そんで、お葬式からしばらくして、アケミのお母さんから彼氏の友達に連絡があって、私と部活の仲良かった子も一緒にアケミんちに行ったの」

「あの子、おかしくなってる…」 お母さんの連絡で姉たちがアケミちゃん家を尋ねると、そこにはやつれてやつれて変わり果てたアケミちゃんがいた。
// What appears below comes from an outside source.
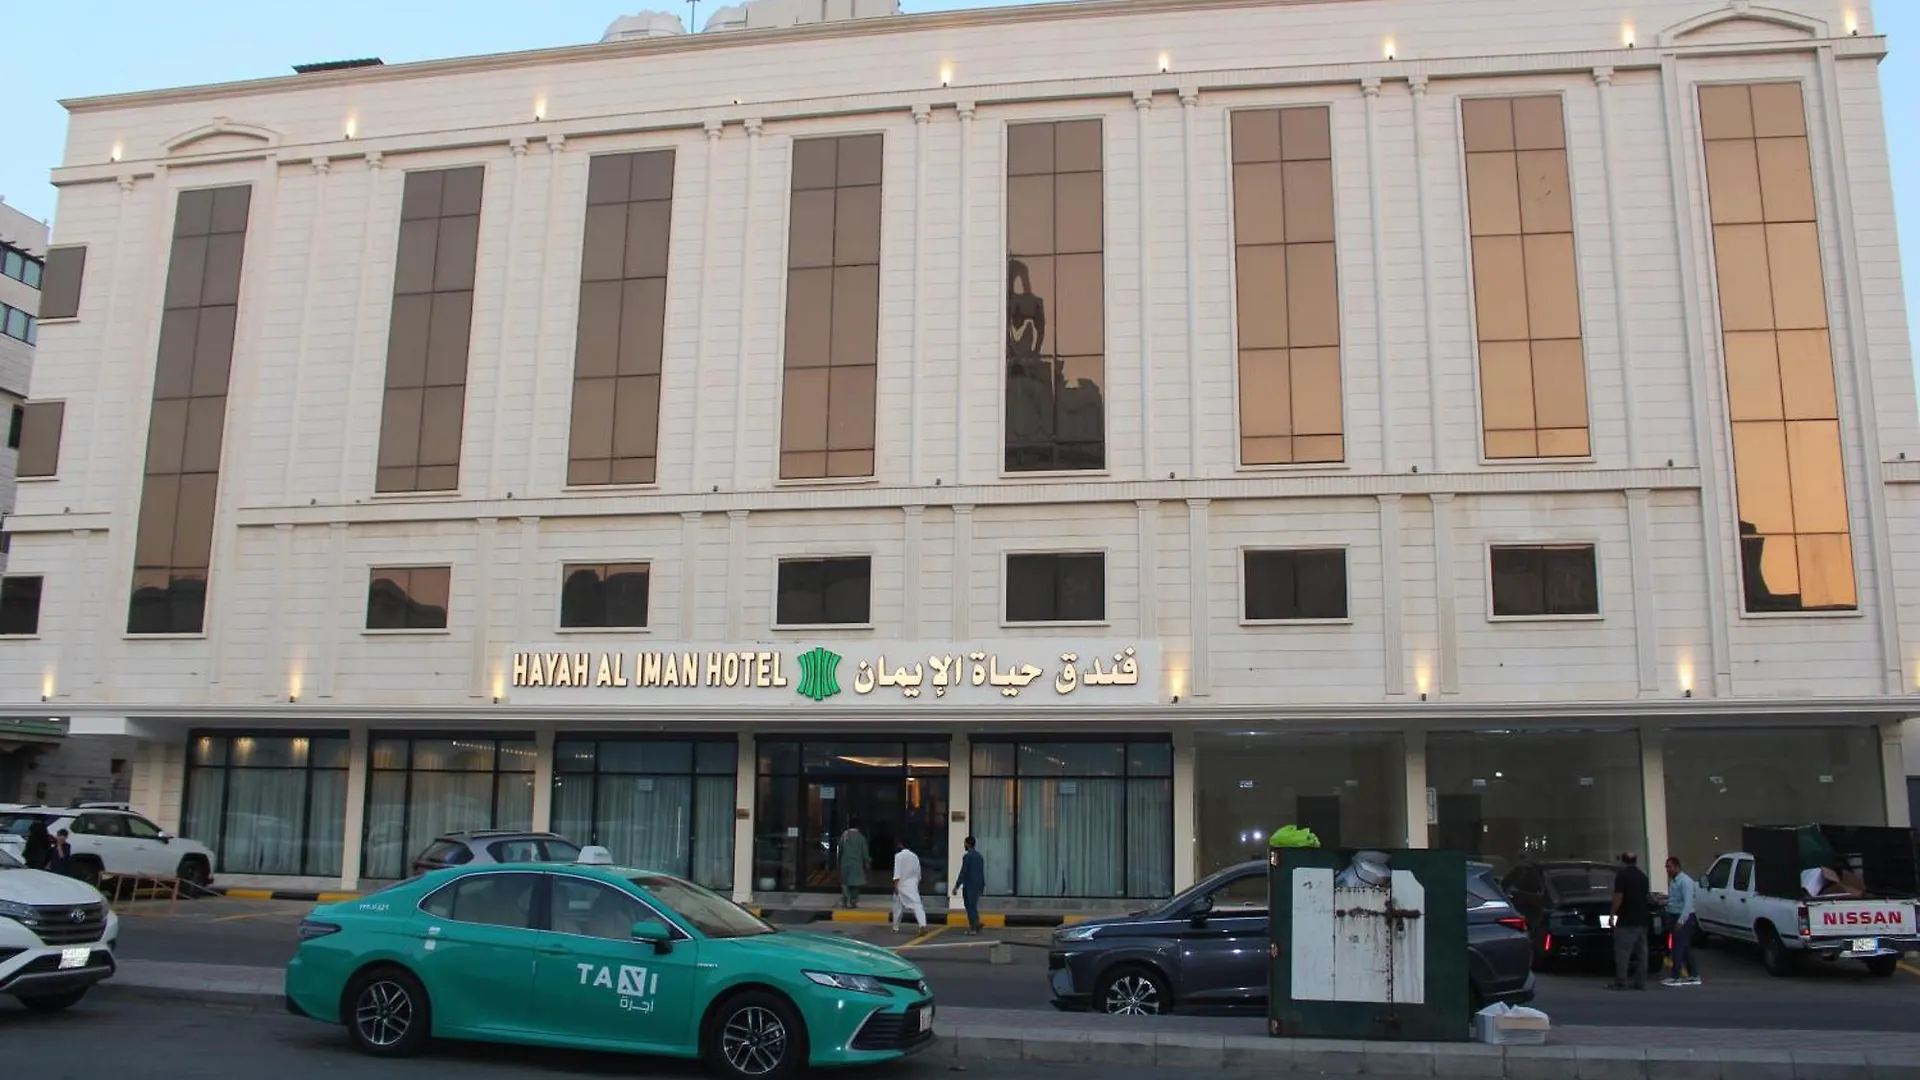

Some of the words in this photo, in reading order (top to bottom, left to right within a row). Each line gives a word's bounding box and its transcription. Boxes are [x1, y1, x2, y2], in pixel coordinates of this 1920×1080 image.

「○○(彼氏)がね、くるんだよアケミィ、アケミィって。

もう死んじゃったんだよー、って言っても、違う違うって。

死んじゃったから、ダメなんだよ、入れないよって言いなさいって、お母さんが。

でもねー、会いたいなぁ、○○に会いたいなぁ…」

膝を抱えて、会いたい会いたいと繰り返し、慟哭して苦しむ友人に、姉たちはなす術もなかったそうだ。

姉がどうしても不思議だったこと。

事故現場が彼氏が嫌う、あの道の踏切。

誰もが何故あの道を通ったのか、と言っていたらしい。

それに、死を予感していたかのような、死に装束になってしまった白いスーツ。

もう一つ、

彼氏がまさに電車に轢かれる原因となった車の右後方?下?の異常。

「あの踏切は畑やたんぼの真ん中で、今まで事故なんかなかったよね。

アケミとドライブしているときも、やたらに車の後ろをミラーで見てたっていうし。

なんだったんだろうって…。

就職したらしばらくは、なかなか会えないかもと思って、入社式の前の日、アケミんち行ったんだよ、一人で」

時々電話で話してはいたが、顔を見るのは一ヶ月ぶり。

多少は顔色もよくなっていたが、まだよく眠れず食べれずが続いていたらしい。

クラスの友人のバカ話や、テレビの話など、事故の話は抜きで、2時間ほど滞在した。

「また連絡するね」と姉が帰るとき、

「そうそう!わかったんだよ!」と急にアケミちゃんが明るい声で叫んだ。

それまでの笑顔は見せてくれたが、疲れ果てた感じとはあまりに違ったので、姉はゾクッとした。

「え、何?」

「○○がね、もう来なくなったんだけど、

最後に来たとき…」

こう言ったのだそうだ。

「アケミ俺わかった!

ほら、車のミラーにうつっていた白い物。

なんかひっかかっていたの、

あれ、俺だよ!

俺だったんだ!」

アケミちゃんは続けて

「でもね、私違うと思う。白いスーツ、自分でカッコイイと思っていて、自慢してたから、言えなかったんだけど、

私が見た事故の写真、スーツは血で真っ赤だったんだもん…」

姉は、怖いとか一切思わず、どうしてこんな悲しい事が友達に起きてしまったのか、ただ悲しくて悲しくて、悲しかったそうだ。

終わりです。姉から聞いた実話です。

読んでくださってありがとう。

いつも皆さんの投稿を楽しませてもらってます。